Introduction
SkillsBench (arXiv:2602.12670) made a clean claim: curated Agent Skills — modular folders of procedural knowledge — raise agent pass rates from 33.9% to 50.5% on average across 18 model-harness configurations spanning OpenHands, Codex, Claude Code, and Gemini CLI. The subtext most people took away is that a smaller model with Skills can match a bigger model without them. But every number in that table is mediated by a harness — the agent loop that decides whether a skill is even discovered, how it's surfaced to the model, and whether the model is nudged to use it. The paper tested four harnesses. It did not test goose, and goose behaves differently from all four in exactly the ways that matter for Skills.
So we added it: the full 87-task inventory, the same Docker environments, the same deterministic verifiers, the same paired no-skill / with-skill protocol — with goose driven over its native Agent Client Protocol (ACP) across three model classes plus a secondary datapoint. Then we did the thing benchmark tables usually skip: we read the trajectories. Whether the agent actually opened the skill, how many tokens each arm burned, and why a given trial scored zero.

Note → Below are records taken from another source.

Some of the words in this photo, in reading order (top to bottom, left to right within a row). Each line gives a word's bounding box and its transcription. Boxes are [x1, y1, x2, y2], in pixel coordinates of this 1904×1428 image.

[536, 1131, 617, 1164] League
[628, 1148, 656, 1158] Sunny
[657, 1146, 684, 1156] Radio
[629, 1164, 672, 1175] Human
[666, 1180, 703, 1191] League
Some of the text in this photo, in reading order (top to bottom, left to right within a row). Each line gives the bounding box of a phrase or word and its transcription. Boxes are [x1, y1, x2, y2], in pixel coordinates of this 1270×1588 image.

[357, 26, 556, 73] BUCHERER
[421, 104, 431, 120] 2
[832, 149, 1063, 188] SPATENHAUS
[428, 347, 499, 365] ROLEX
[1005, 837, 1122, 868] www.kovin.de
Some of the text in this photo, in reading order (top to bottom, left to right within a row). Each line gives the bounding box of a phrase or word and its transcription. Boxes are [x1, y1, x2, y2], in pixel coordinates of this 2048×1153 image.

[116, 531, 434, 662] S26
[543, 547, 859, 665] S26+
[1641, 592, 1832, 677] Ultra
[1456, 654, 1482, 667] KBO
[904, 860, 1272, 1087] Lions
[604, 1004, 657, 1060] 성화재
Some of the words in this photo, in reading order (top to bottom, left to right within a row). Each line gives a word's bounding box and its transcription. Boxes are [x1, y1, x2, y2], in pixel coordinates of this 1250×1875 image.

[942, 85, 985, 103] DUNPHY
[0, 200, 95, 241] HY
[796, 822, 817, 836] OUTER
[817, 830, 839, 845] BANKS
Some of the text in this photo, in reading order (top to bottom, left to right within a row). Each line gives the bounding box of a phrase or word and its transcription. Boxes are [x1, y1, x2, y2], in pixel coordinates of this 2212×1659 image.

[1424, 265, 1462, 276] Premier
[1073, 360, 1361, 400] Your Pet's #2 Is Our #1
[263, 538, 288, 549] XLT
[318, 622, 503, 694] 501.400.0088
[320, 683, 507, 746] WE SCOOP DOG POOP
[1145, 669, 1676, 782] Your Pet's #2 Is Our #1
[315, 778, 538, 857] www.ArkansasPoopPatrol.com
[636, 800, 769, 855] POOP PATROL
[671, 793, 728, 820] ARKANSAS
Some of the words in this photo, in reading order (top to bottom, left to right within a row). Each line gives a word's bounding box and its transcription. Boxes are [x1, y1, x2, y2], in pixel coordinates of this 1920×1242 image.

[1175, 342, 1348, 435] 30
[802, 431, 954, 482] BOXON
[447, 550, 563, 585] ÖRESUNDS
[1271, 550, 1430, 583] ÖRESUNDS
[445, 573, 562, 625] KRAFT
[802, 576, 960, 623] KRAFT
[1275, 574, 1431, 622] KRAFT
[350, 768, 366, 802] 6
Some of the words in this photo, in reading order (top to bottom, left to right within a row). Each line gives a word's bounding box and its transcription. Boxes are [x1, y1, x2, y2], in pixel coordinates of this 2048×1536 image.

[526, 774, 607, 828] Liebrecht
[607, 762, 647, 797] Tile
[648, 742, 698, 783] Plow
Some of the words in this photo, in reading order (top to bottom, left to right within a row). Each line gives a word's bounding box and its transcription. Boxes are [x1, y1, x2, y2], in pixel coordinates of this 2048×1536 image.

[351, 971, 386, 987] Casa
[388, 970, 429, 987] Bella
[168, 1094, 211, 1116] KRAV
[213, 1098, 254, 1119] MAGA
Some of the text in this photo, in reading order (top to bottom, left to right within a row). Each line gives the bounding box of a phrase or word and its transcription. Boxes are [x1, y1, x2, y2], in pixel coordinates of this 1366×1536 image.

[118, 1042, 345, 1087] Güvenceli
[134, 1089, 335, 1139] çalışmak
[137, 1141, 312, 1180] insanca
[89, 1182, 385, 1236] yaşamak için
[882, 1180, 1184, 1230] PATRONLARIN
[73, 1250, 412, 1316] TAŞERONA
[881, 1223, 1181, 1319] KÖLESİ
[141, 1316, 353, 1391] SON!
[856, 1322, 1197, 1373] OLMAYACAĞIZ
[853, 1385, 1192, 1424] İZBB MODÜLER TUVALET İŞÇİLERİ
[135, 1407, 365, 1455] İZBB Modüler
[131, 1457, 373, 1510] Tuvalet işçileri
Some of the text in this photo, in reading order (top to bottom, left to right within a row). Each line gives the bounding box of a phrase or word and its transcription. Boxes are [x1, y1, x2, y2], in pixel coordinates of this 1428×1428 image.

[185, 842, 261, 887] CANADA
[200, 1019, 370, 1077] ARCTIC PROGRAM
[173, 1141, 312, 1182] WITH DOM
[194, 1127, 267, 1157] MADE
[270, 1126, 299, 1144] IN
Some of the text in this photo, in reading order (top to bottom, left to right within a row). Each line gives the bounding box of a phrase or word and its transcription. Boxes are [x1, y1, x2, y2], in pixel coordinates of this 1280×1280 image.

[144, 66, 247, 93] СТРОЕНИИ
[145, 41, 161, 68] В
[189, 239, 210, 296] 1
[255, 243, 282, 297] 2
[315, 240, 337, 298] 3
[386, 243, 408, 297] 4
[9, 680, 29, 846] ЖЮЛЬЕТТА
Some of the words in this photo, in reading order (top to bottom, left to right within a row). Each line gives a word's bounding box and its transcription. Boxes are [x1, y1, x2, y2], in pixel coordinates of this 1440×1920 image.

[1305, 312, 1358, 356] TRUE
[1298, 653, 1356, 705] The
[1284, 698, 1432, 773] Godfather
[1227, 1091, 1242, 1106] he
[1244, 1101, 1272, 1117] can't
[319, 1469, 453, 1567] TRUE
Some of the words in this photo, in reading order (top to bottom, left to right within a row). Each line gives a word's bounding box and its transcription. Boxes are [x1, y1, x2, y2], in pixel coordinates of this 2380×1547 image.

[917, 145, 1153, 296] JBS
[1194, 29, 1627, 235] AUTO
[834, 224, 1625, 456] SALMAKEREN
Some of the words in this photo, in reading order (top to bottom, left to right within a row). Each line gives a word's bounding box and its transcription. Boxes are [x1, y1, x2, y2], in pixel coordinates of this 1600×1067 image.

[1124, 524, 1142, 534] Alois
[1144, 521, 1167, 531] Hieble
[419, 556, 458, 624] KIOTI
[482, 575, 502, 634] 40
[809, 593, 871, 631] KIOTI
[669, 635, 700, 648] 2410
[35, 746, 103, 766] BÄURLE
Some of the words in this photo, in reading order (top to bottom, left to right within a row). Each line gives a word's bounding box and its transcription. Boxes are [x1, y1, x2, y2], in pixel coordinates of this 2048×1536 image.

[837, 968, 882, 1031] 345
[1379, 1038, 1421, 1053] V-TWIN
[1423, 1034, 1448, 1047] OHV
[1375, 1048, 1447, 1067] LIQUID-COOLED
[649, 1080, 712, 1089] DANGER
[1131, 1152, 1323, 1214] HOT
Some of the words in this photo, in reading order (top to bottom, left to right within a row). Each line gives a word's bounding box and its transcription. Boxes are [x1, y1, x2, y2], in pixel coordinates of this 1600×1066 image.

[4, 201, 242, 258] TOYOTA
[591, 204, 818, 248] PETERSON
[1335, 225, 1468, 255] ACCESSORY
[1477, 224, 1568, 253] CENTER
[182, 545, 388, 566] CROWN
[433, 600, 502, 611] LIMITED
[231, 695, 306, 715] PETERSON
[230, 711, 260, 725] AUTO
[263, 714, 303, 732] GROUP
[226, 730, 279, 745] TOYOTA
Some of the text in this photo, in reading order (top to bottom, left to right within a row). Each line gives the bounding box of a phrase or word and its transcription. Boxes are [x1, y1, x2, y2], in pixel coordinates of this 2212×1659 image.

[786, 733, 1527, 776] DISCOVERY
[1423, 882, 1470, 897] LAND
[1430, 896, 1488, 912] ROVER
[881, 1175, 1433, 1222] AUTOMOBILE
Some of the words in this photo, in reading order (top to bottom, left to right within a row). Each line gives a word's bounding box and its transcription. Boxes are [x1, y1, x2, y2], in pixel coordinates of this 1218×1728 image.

Here's the short version. Skill delivery is harness-specific plumbing — goose only discovers Skills when its Summon extension is on, and silently ignores them otherwise. Delivery is not adoption — with discovery working, goose + GPT-5.2 chose to engage the provided skill in only ~12% of tasks, and its uplift was correspondingly small (+1.9pp). And Skills act as exploration compression — even at low adoption, the with-skill arm used 34% fewer tokens at equal-or-better accuracy. The headline lands on Opus 4.8: goose's Skills uplift (+22.6pp) is statistically indistinguishable from Claude Code's (+25.3pp) at near-identical absolute pass rates. The effect fully transfers to goose when the model is disposed to use skills.
What's inside:
- Three operational findings that cost us an invalidated run each — and are more useful than any single pass rate
- The head-to-head: goose vs Claude Code on Opus 4.8, at parity
- Why cross-harness uplift tables are substantially adoption-rate tables
- A candid threats-to-validity section, including a self-inflicted bug that flipped the result until we audited our zeros
A note on scope, up front, because it shapes how to read the rest: this is a practitioner study, not a peer-reviewed evaluation. Trials ran single-attempt on one Apple-silicon workstation (the original work used five attempts on cloud infra), a few tasks were excluded for arm64 Docker incompatibilities, and the evaluation artifacts are not published for independent verification. Take the numbers as observed patterns and mechanisms, not citable benchmark results. Section 5 enumerates the threats. Disclosure: the author is an AAIF ambassador.